Worse was to follow. Bentt was counted out in the seventh round and rushed to the Royal London Hospital “I remember eating pasta in a nice restaurant a few hours before the fight – and the next thing I remember is waking up in hospital,” he said. “I’ve watched the fight on YouTube, but it doesn’t trigger any memories.”

Consultant neurosurgeon John Sutcliffe diagnosed Bentt as suffering from “cumulative concussive damage to the brain”.

He spent 98 hours in a coma and apart from “a wobbly moment” on the plane journey home, says he made a full recovery.

Bentt became a journalist, a television commentator, a trainer, then an actor. “I took an acting class and fell in love with it,” he said. “It was just like boxing. You are naked in front of an audience.”

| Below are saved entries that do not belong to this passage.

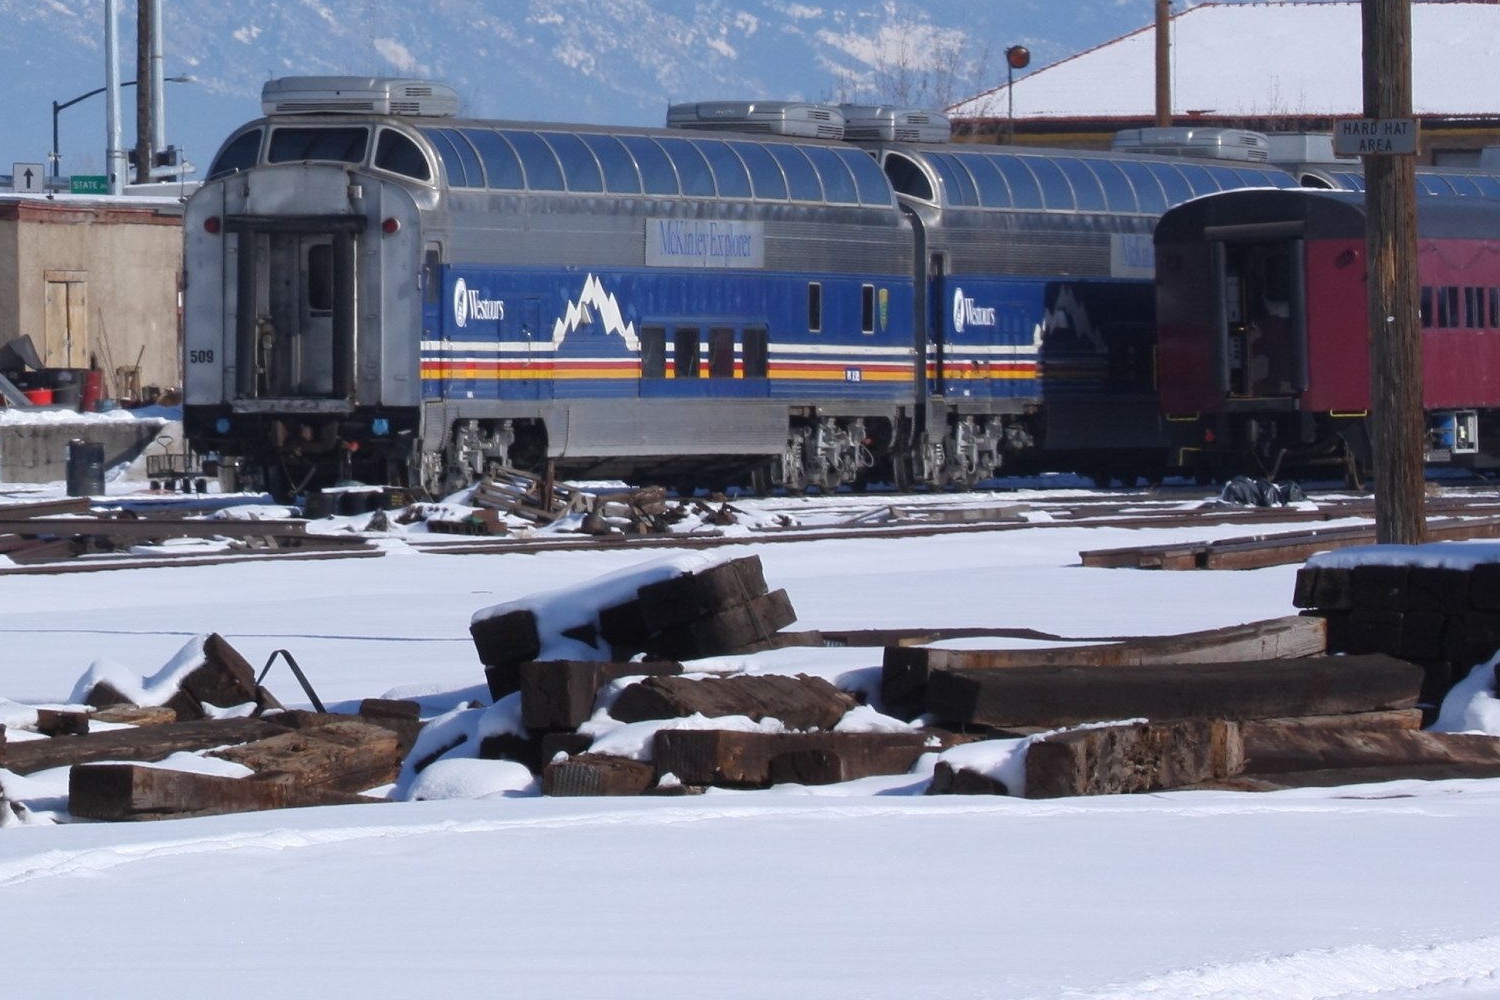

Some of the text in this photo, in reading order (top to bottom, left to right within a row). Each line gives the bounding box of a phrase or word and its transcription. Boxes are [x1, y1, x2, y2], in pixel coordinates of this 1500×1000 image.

[1343, 122, 1408, 136] HARD HAT
[1359, 138, 1393, 152] AREA
[72, 181, 98, 190] STATE
[660, 220, 752, 267] McKinley Explorer
[468, 289, 504, 320] Westours
[190, 350, 214, 363] 509

Bentt played Sonny Liston in the 2001 Will Smith movie Ali, has appeared in productions of Hamlet and Othello, and had regular work in the TV series Sons of Anarchy.

He also directed the play Kid Shamrock, written by Bobby Cassidy about his contender father Bobby Cassidy Snr and starring John Duddy, Mark Breland and Seamus McDonagh.

“It’s a tough play,” he said, “very moving and emotional, but they nailed it.”